Her main research concerns Immunology, Immune system, Antigen, CTL* and Molecular biology. Her Immunology research integrates issues from Cancer research, Cell therapy and Graft-versus-host disease. Catia Traversari combines subjects such as Apoptosis, Cell biology and Suicide gene with her study of Immune system.
Her work in Antigen is not limited to one particular discipline; it also encompasses Melanoma-Specific Antigens. Her CTL* research is multidisciplinary, relying on both Human leukocyte antigen, T lymphocyte, Melanoma and Virology. Her Molecular biology study combines topics in areas such as TBX1 and Gene.

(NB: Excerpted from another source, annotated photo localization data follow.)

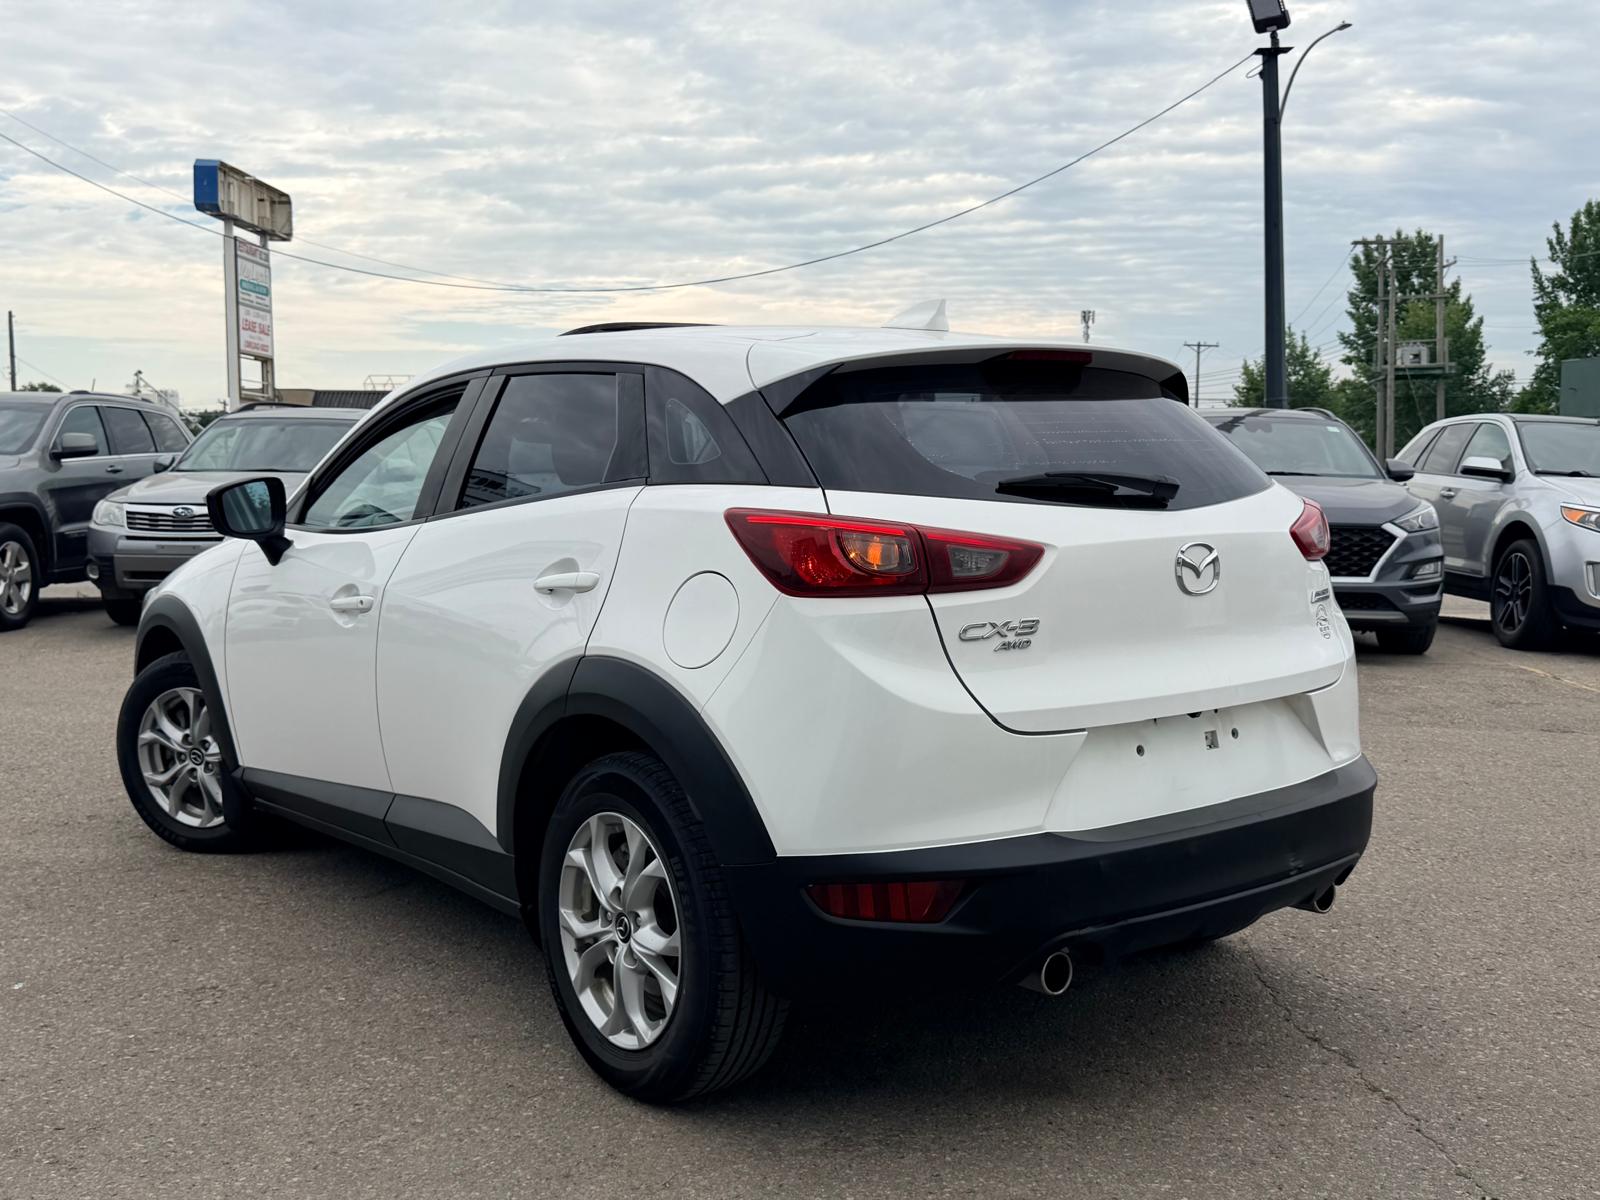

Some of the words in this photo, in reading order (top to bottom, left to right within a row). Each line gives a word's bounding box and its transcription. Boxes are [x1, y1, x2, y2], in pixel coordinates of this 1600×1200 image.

[242, 318, 257, 333] LEASE
[958, 617, 1040, 642] CX-3
[993, 638, 1032, 652] AWD
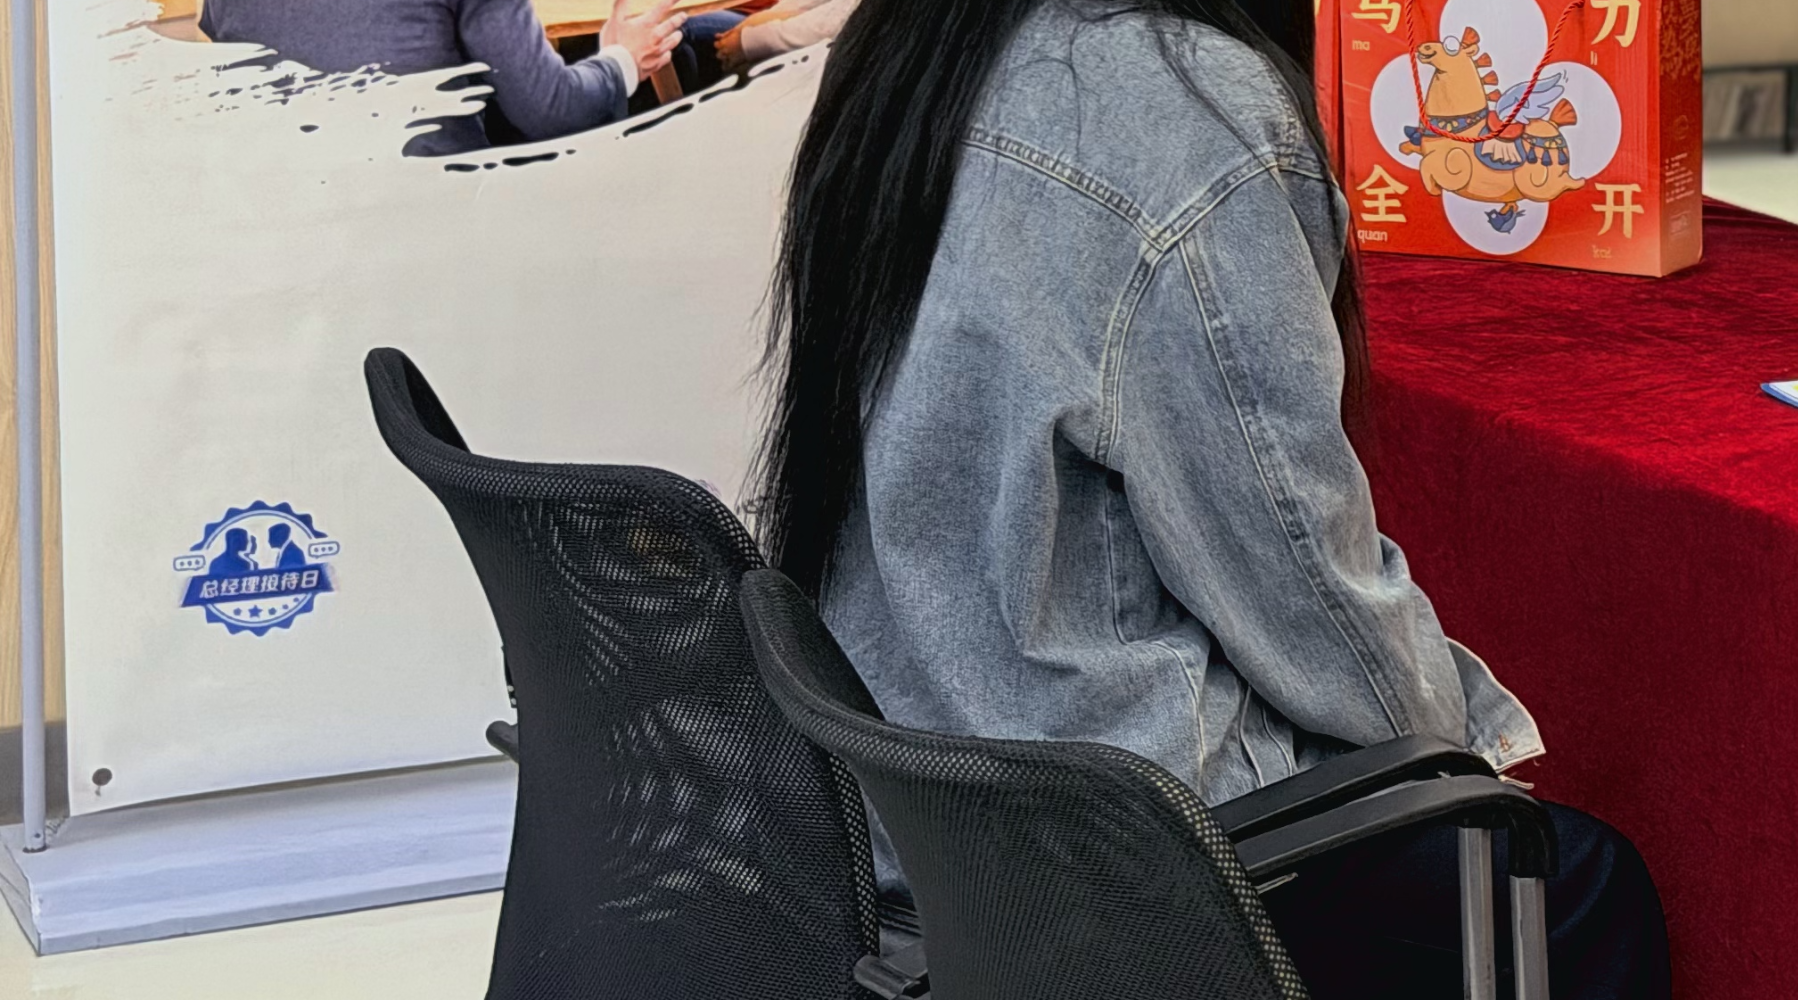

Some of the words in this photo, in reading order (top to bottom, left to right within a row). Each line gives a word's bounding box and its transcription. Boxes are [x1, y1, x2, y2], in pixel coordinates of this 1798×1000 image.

[1356, 164, 1409, 223] 全
[1591, 182, 1645, 239] 开
[1357, 229, 1388, 244] quan
[200, 570, 319, 598] 总经理接待日
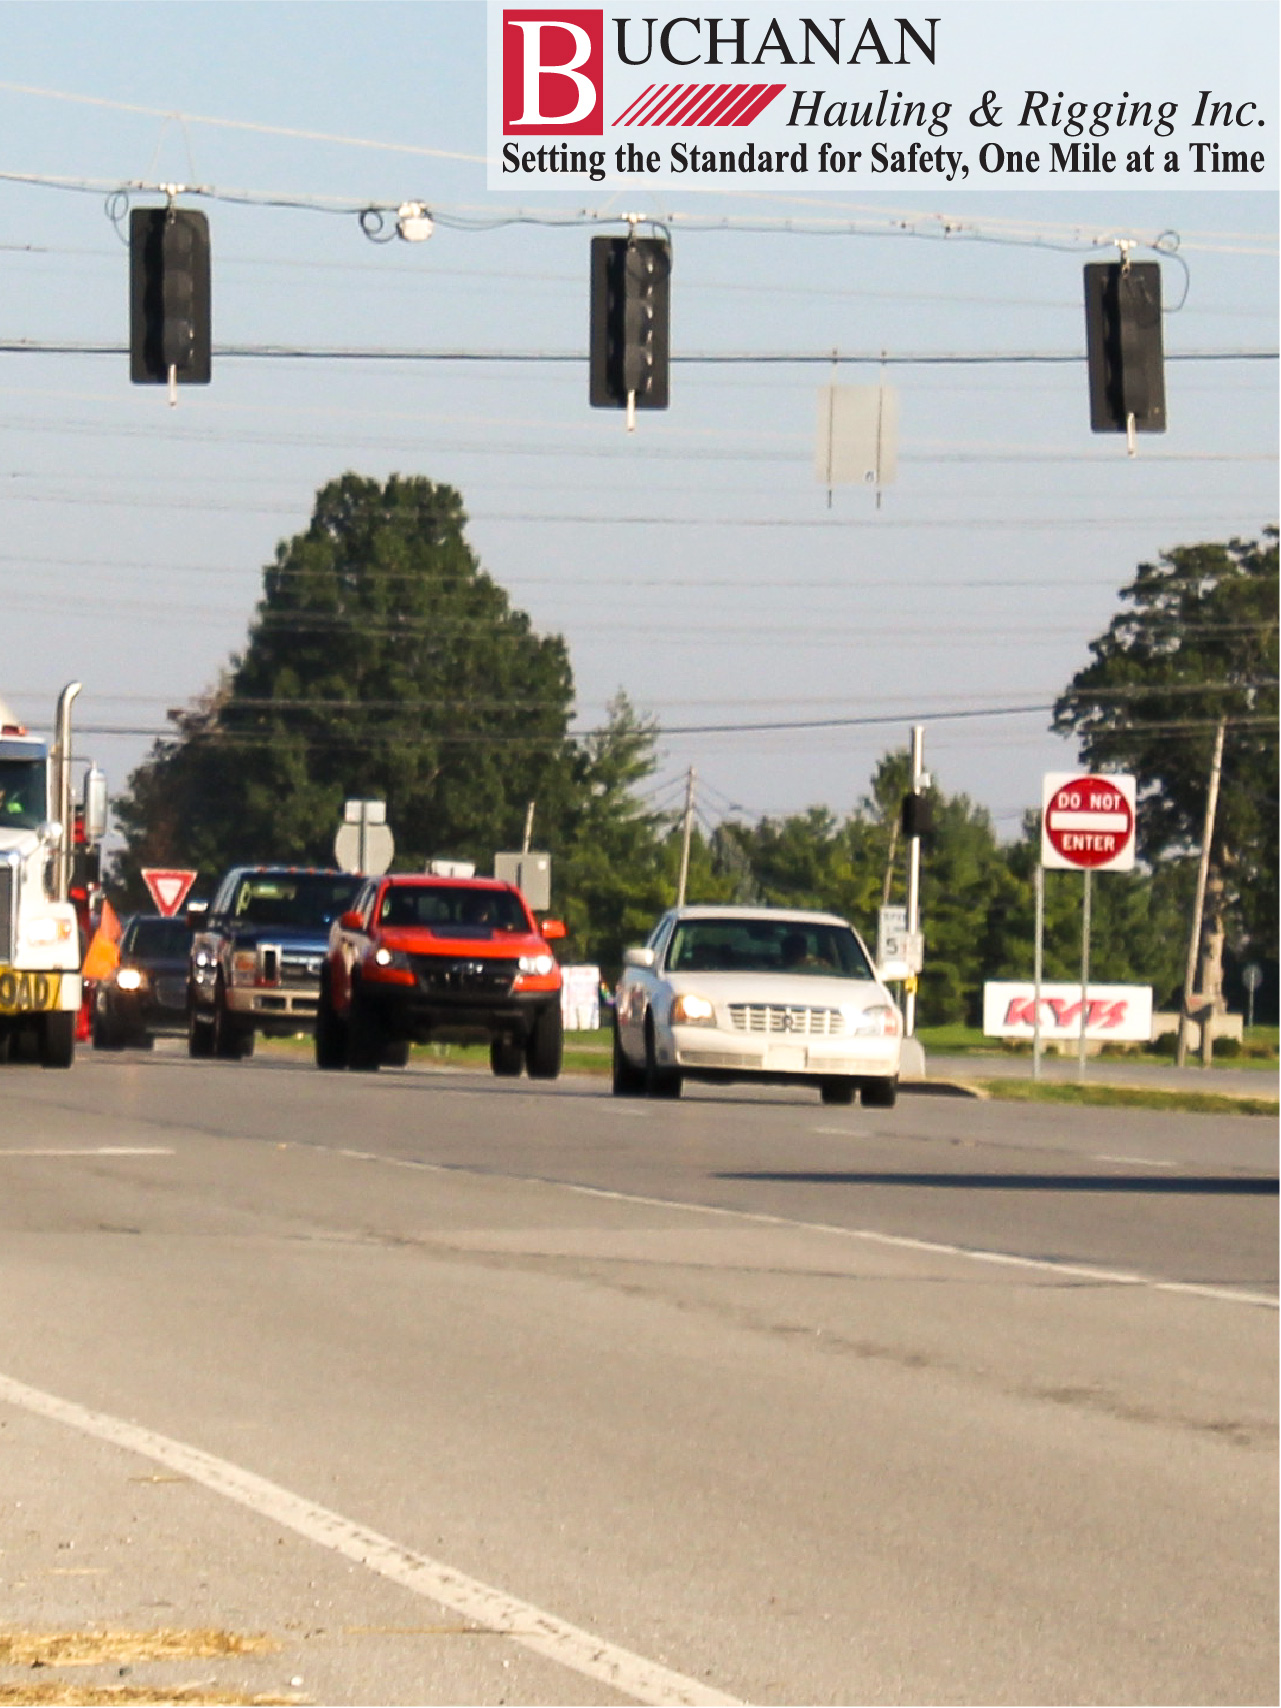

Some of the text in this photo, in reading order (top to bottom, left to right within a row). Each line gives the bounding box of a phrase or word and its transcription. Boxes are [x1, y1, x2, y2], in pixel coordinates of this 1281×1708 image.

Catia Traversari mainly investigates Immunology, Antigen, Molecular biology, Cancer research and Immune system. Her Immunology study incorporates themes from Hematopoietic stem cell transplantation and Suicide gene. Her Antigen study combines topics from a wide range of disciplines, such as Cytotoxic T cell, Melanoma and Gene, Transfection.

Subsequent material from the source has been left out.